Triangle pose is one of the advanced yoga stretches for runners. It helps to ensure your body is stable and balanced both physically and mentally. Other proven benefits of triangle pose include stress relief and improved digestion. It can assist in alleviating back pain and treatment of neck pain and sciatica.
Reclining Cobbler’s Pose
Though this pose is simple, it comes with distinct benefits. Reclining Cobbler’s Pose is one of the best yoga stretches for runners as it targets the quads, opens up your hips and releases any tight abductors. The pose is great for relaxing tense muscles. It helps to reduce fatigue, depression, and anxiety so that you can focus on improving your athletic performance. Furthermore, it stimulates the heart muscles and calms the pelvic region making you more flexible.
Mental Focus and Mindfulness
When you practice yoga regularly you become more attuned with your body. Furthermore the combination of breathing and movement has a positive impact on your mental focus. Your self awareness increases when you are on your yoga mat and you are practicing mindfulness by concentrating on the present moment. This aspect of yoga can help your running when you are facing difficult challenges.
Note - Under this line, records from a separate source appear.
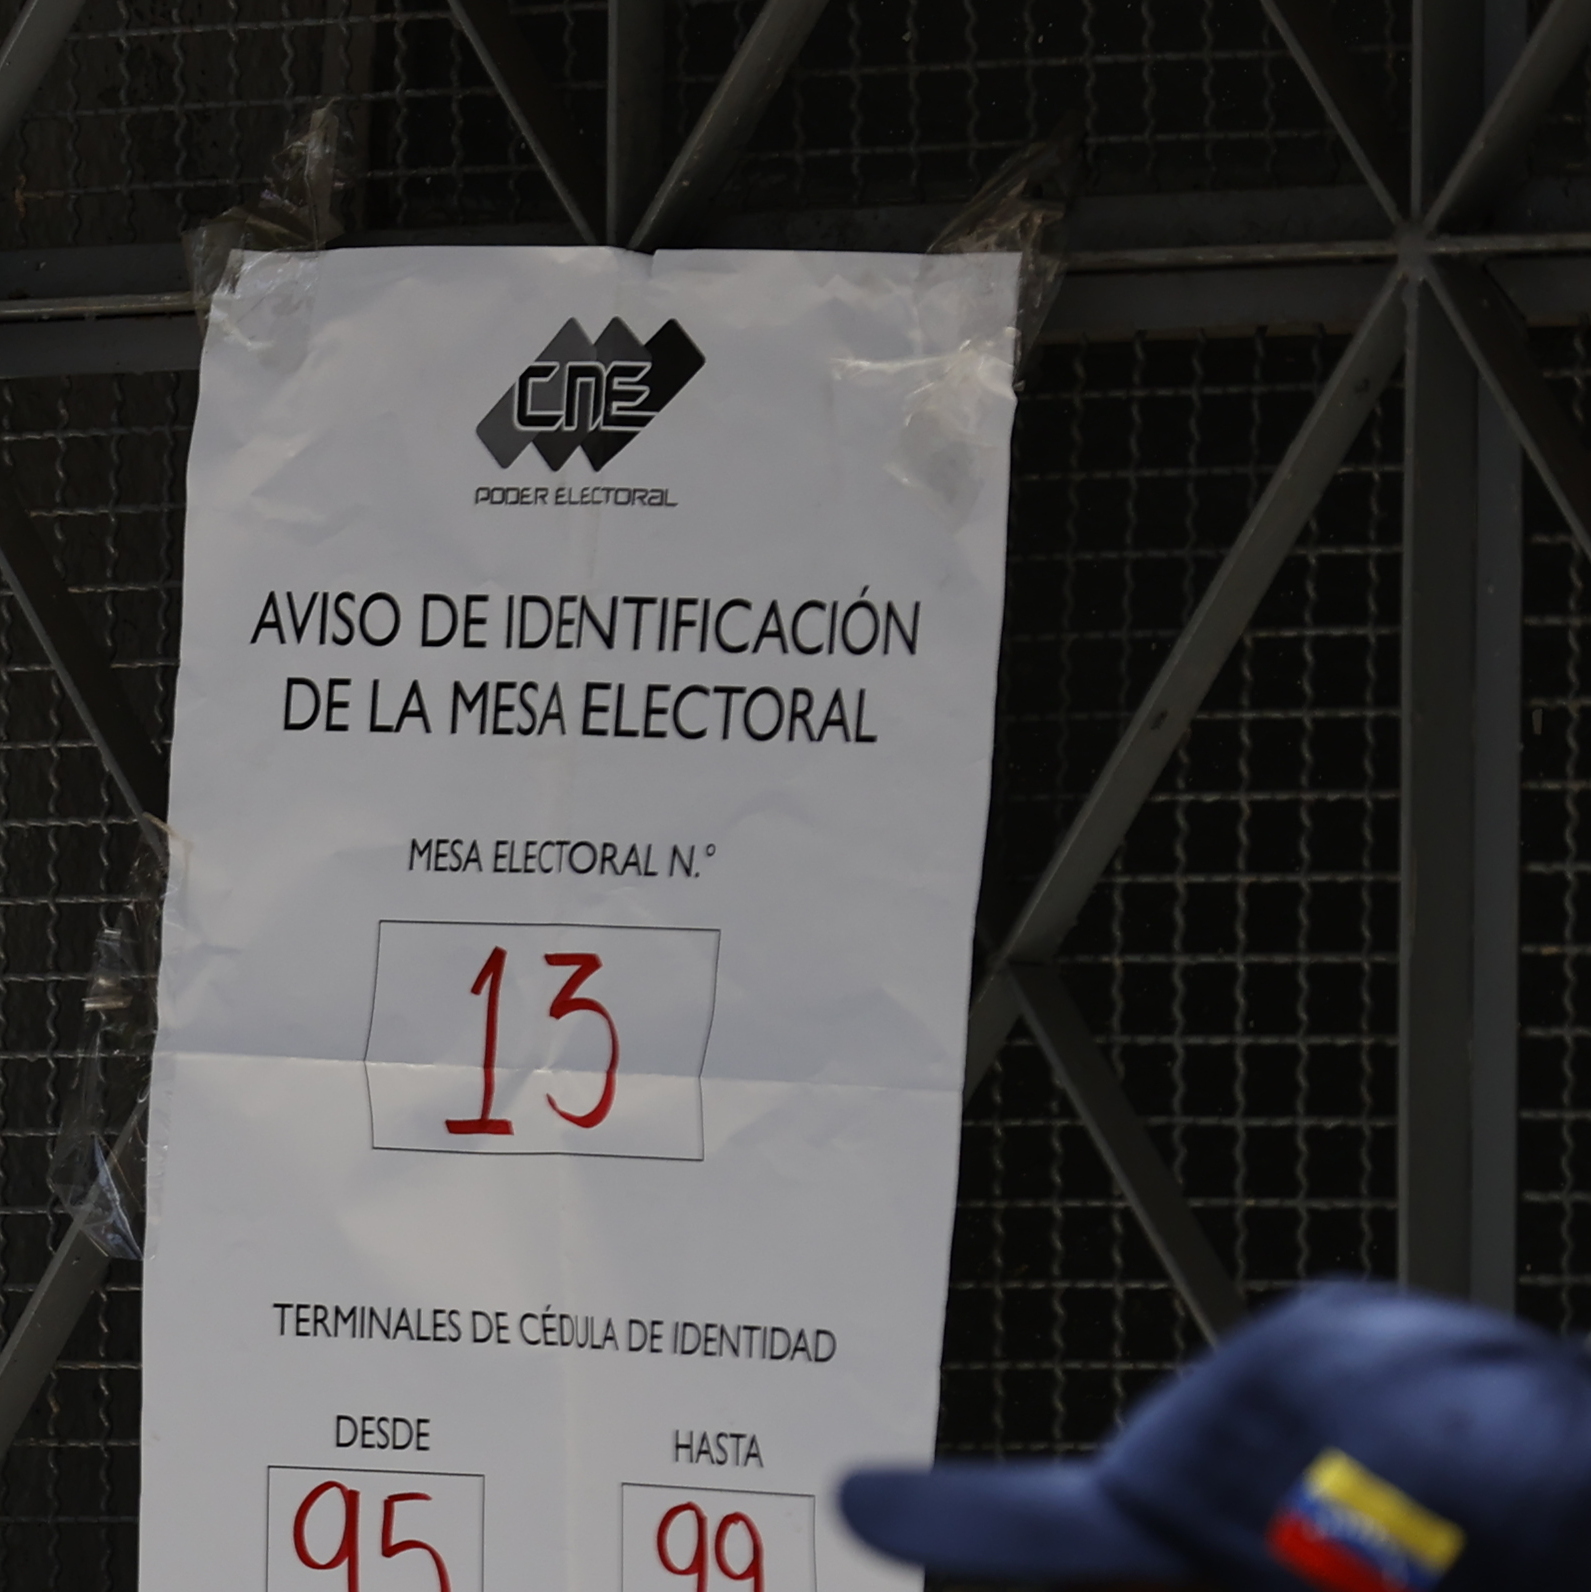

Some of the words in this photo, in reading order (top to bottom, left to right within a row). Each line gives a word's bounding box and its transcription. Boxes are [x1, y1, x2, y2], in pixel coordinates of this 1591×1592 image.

[475, 486, 549, 505] PODER
[250, 590, 401, 647] AVISO
[422, 594, 488, 649] DE
[505, 585, 921, 656] IDENTIFICACIÓN
[283, 676, 351, 732] DE
[369, 679, 432, 734] LA
[450, 680, 567, 736] MESA
[581, 682, 878, 744] ELECTORAL
[408, 838, 483, 873] MESA
[493, 840, 659, 877] ELECTORAL
[445, 946, 620, 1136] 13
[273, 1302, 461, 1343] TERMINALES
[472, 1310, 511, 1346] DE
[518, 1305, 617, 1351] CÉDULA
[627, 1319, 664, 1354] DE
[673, 1320, 836, 1364] IDENTIDAD
[335, 1415, 431, 1451] DESDE
[674, 1429, 764, 1469] HASTA
Running can be very competitive and this can be difficult to handle. In yoga you are encouraged to focus on yourself and not worry about what others are doing. It also emphasises that there is no end goal to practising yoga. Every time you step on the mat you are working on your own improvements and developments without competing against other yogis. Consequently yoga for runners is an opportunity for you to practice mental strength – the kind that requires you to be OK with slowing down and stillness.
Yoga for Runners Harmony
Sage Rountree, author of The Runner’s Guide to Yoga believes that “Running and yoga go together like yang and yin”. This is because they both involve utilising your body, breathing and mind in unison to test and surpass the boundaries of what you think you can do.
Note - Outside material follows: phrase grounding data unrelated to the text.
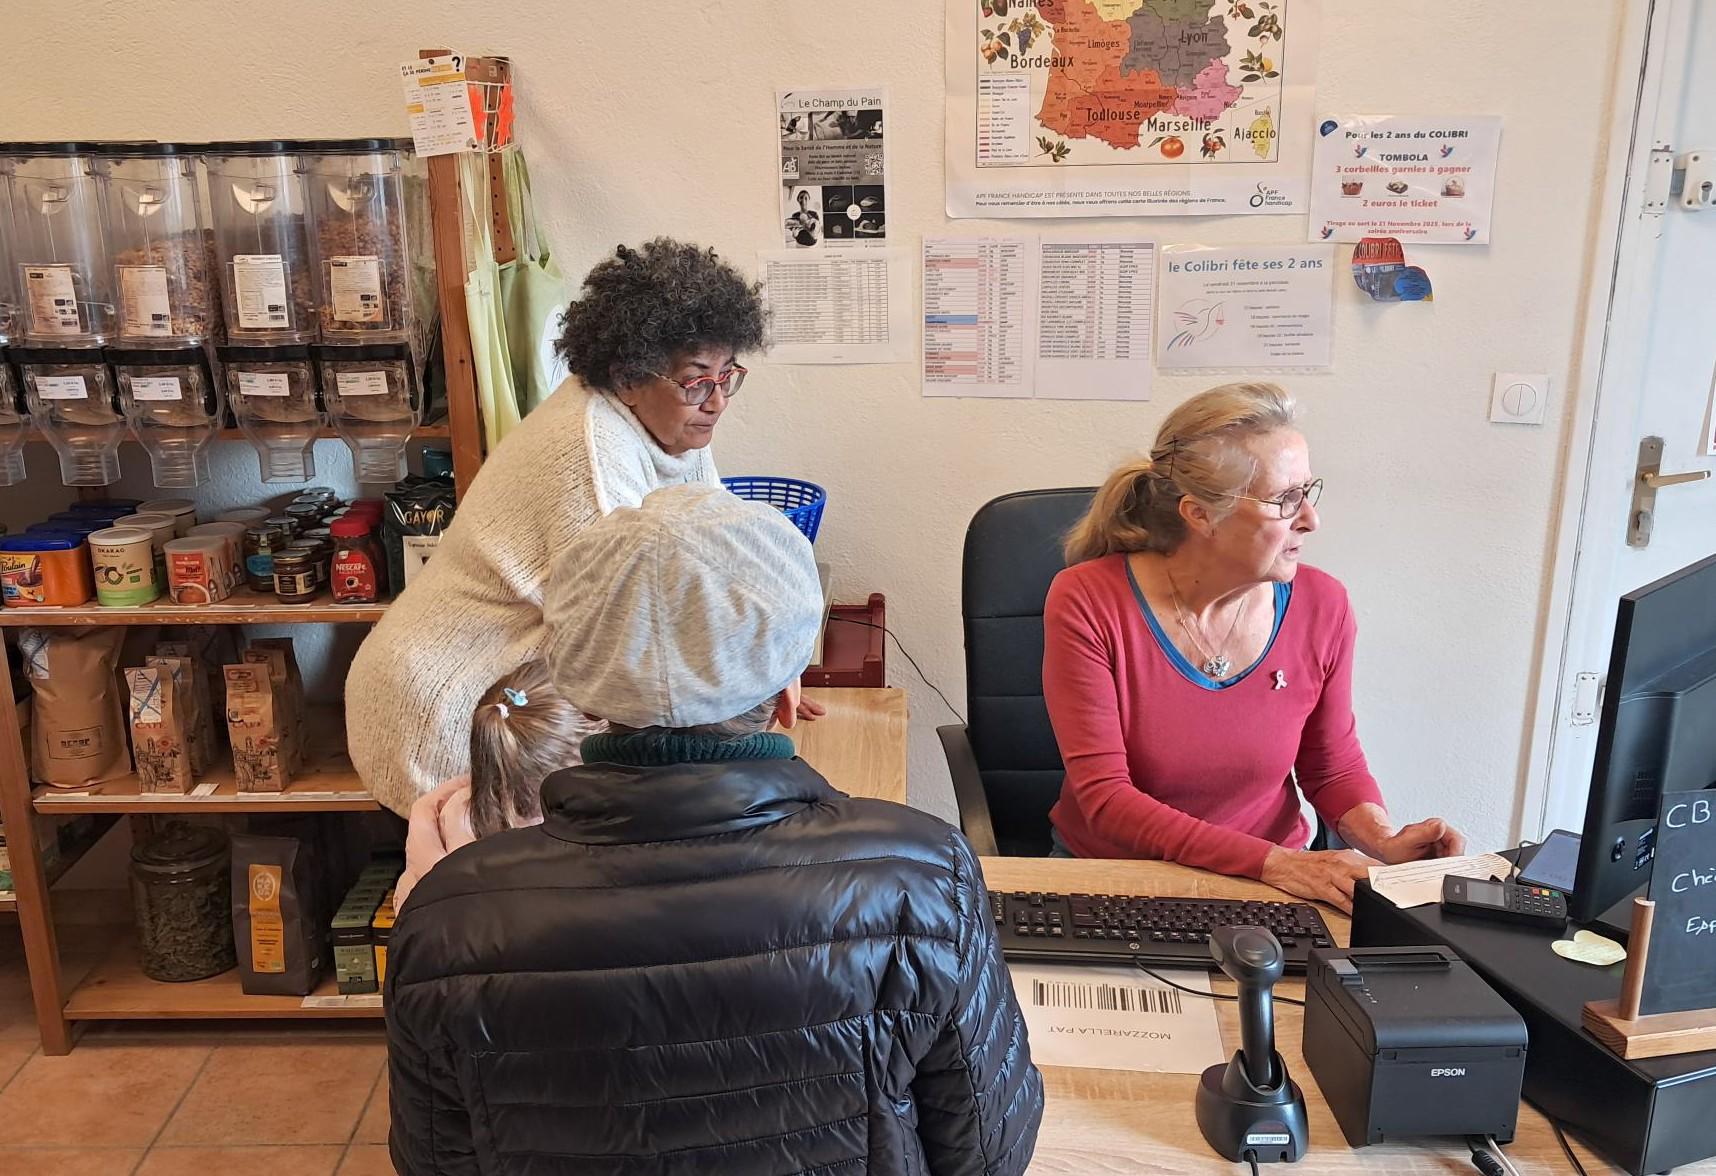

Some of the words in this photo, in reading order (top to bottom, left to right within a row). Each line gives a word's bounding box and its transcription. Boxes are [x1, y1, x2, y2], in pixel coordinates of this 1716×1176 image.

[1181, 29, 1208, 46] Lyon
[1010, 54, 1074, 69] Bordeaux
[799, 99, 810, 109] Le
[812, 97, 845, 109] Champ
[848, 96, 859, 107] du
[861, 96, 882, 106] Pain
[1087, 108, 1141, 121] Toulouse
[1147, 116, 1212, 132] Marseille
[1234, 127, 1277, 141] Ajaccio
[1370, 131, 1384, 139] les
[1386, 131, 1392, 139] 2
[1413, 131, 1426, 139] du
[1428, 130, 1469, 139] COLIBRI
[1379, 154, 1429, 162] TOMBOLA
[1344, 165, 1389, 174] corbeilles
[1391, 166, 1427, 176] garnies
[1437, 166, 1472, 176] gagner
[1410, 199, 1438, 207] ticket
[1168, 262, 1180, 272] le
[1184, 260, 1228, 272] Colibri
[1232, 259, 1260, 271] fête
[1263, 260, 1283, 270] ses
[1288, 258, 1296, 269] 2
[1300, 258, 1323, 269] ans
[1666, 800, 1711, 829] CB
[1671, 867, 1716, 893] Chè
[1080, 1027, 1172, 1041] MOZZARELLA
[1430, 1068, 1466, 1077] EPSON
Yoga for runners will have such a direct and positive impact on your running. It will keep you balanced through the challenges of increasing your mileage and help you avoid injuries. Furthermore you will develop your breathing skills and increase your mental strength ensuring you become a better runner.
Time for Action
If you are a keen runner, whether you are a competitive one or just love running it is time for you to incorporate yoga into your training plans. Start by incorporating a few poses and before and after your runs, I guarantee you see a significant difference. It’s not a big commitment, five minutes before running and ten minutes after finishing. Next step is to attend a class or do some online courses with the view to developing regular practices. Once you achieve this you will really experience all the benefits of yoga for runners.